The Zeta Phi Beta sorority hosted a talent show in Farmer Hall on Thursday, Nov. 6.

Flyers placed around campus promoting the event called it a “neo-soul” talent show based on the genre of music made famous by artists like Erykah Badu, Jill Scott and Frank Ocean.

“It’s not specifically a ‘Neo-Soul’ show, but a talent show,” Brianna Brown, president and sole member of Zeta Phi Beta explained. “Anybody can come and perform whatever talent they want.” During the show, Brown demonstrated her talent of spinning poi socks, a type of performance art where the performer swings tethered weights around in different patterns and shapes.

Singers Nikki Johnson, a freshman art major, and Alexandria Cottrell, a first year clinical mental health counseling graduate student, started the show. Johnson performed an original song and Cottrell performed a gospel song. During his a capella of Adele’s “Rolling in the Deep”, Marcos Cruz, a junior communications major, managed to get the crowd to stomp their feet and clap along.

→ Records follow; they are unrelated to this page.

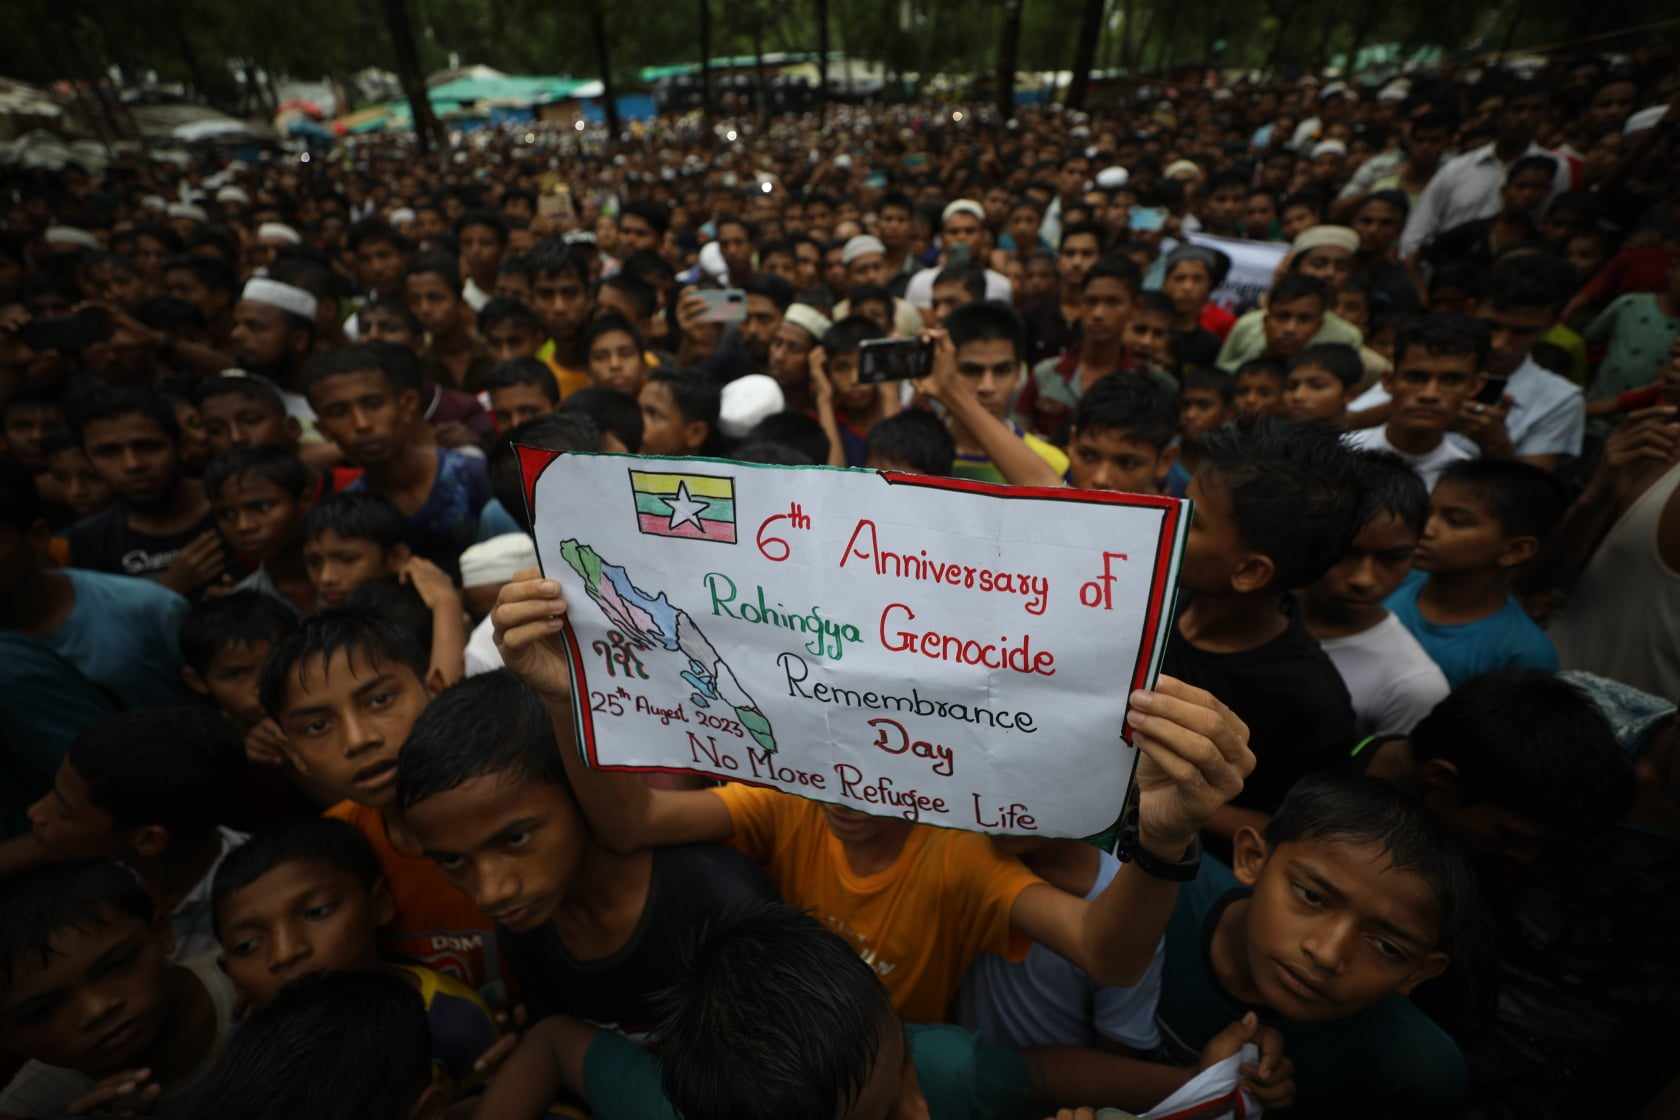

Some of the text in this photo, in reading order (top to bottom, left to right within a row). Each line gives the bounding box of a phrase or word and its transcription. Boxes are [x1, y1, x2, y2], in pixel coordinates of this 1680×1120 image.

[757, 502, 811, 562] 6th
[839, 519, 1048, 615] Anniversary
[703, 572, 864, 660] Rohingya
[880, 603, 1056, 676] Genocide
[591, 686, 631, 716] 25th
[695, 711, 744, 738] 2023
[776, 652, 1038, 733] Remembrance
[686, 731, 1038, 830] No More Refugee Life
[866, 718, 953, 776] Day
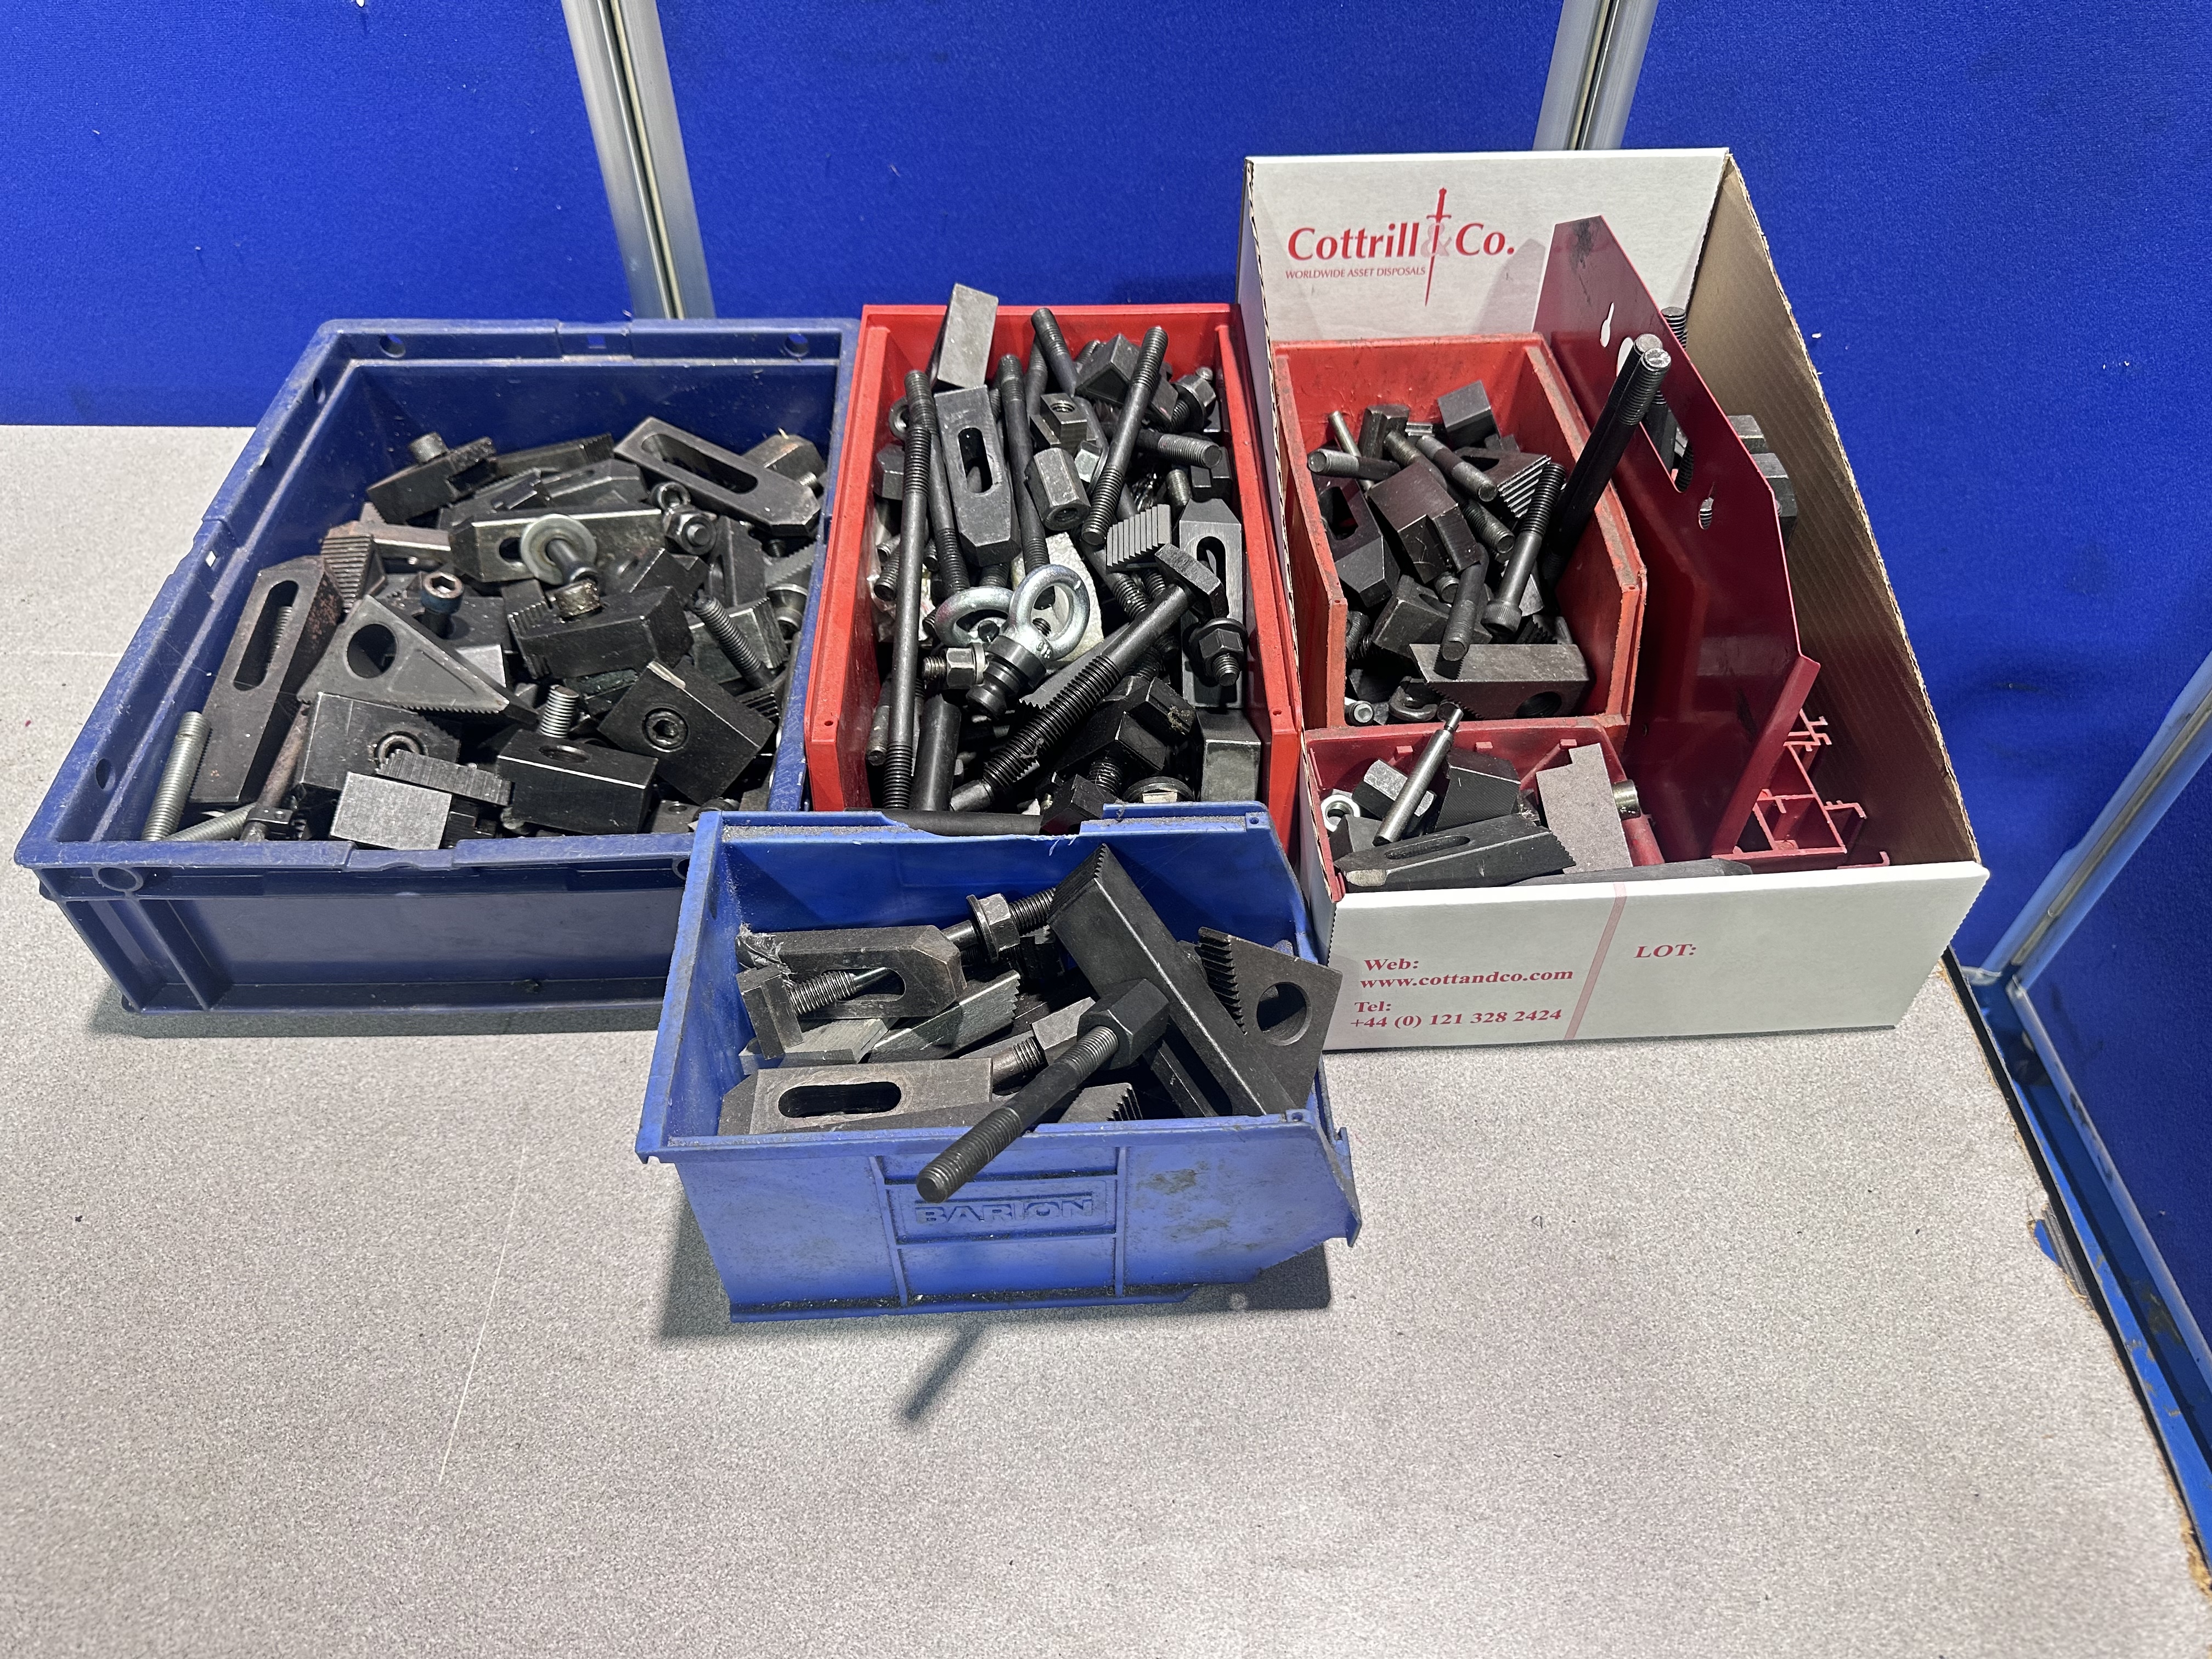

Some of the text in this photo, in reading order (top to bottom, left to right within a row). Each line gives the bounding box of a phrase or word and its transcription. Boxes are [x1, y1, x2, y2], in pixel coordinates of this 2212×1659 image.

Sophomore fine arts major Miguel Fernandez, or “Sax Guy” as he’s been dubbed on the Yik Yak app, performed his version of “Ratatat 9”. Johnson hit the stage again to perform an original rap and sophomore elementary education major Tiffany Thomas followed by giving the second gospel performance of the night.

Artemus Hill, a senior accounting major, gave a spoken word performance of a poem titled “A Few Minutes Ago”, which, he joked, was written a few minutes prior to getting on stage.

Kahlil Kyles, a freshman theater major, set the stage on fire with his dance to Destiny’s Child’s “Lose My Breath”, earning cheers of approval ranging from “yasss” to “slay.” EJ Dillon-Smith had some of the ladies in the audience on their feet during his a cappella of the ‘90s hit “If I Ever Fall in Love” by R&B group Shai.

The last performance of the night came from Parker Cantrell, a junior art education major, who had joined Special Helms, a freshman biology major, on stage for a charming duet of Sam Smith’s “Stay With Me” earlier in the show. Admitting that he was a little nervous before beginning, he encouraged everyone to join him in singing if they knew the song. In turn, the show ended with everyone in attendance swaying and singing Leonard Cohen’s “Hallelujah” in harmony.